▶ [What is expected]: In the listing below, find each line holding "bitcoinasia" and copy it.

▶ [Records for the task]:
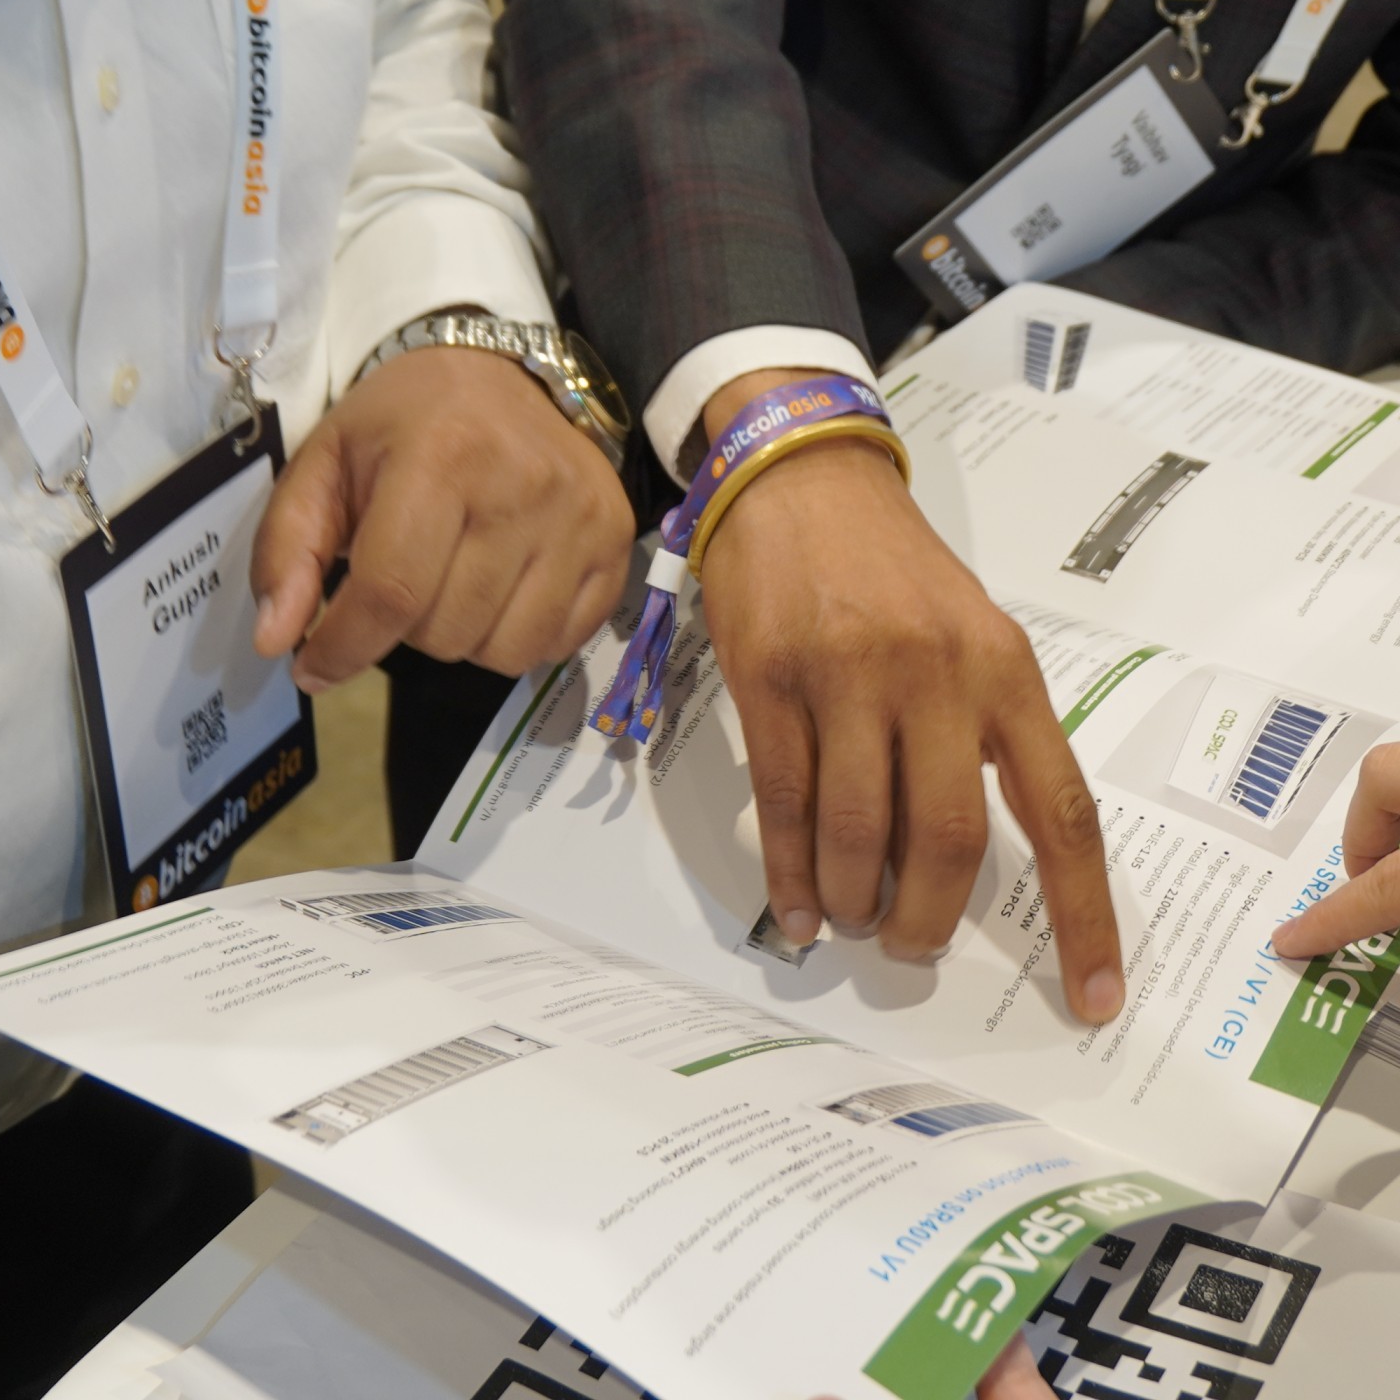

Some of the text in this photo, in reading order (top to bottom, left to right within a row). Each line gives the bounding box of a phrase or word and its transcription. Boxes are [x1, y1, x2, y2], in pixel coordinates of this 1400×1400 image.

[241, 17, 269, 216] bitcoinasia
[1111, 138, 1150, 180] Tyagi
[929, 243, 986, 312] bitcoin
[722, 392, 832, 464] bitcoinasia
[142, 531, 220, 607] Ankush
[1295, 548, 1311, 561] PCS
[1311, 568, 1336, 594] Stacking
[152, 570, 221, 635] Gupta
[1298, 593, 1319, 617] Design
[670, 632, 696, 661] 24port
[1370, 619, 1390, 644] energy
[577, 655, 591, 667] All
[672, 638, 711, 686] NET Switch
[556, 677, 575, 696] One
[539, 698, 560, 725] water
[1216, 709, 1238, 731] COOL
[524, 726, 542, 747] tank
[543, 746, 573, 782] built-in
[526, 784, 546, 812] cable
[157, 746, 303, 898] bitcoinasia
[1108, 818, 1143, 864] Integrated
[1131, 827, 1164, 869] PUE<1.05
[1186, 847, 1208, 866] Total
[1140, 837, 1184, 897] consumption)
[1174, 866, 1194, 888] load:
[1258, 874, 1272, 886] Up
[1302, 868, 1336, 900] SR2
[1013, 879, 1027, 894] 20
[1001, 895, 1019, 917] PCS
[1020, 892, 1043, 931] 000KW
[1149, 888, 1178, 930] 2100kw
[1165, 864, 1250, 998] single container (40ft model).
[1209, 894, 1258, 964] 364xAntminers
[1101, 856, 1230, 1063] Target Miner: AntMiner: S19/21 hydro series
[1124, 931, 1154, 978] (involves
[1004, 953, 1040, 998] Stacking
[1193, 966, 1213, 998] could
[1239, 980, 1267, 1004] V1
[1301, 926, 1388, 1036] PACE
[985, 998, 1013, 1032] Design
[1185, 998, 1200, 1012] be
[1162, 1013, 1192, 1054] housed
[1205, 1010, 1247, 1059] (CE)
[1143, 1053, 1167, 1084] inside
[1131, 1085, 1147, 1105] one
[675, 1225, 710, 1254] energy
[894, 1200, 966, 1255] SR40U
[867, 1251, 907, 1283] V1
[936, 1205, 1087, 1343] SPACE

▶ [Answer section]:
[241, 17, 269, 216] bitcoinasia
[722, 392, 832, 464] bitcoinasia
[157, 746, 303, 898] bitcoinasia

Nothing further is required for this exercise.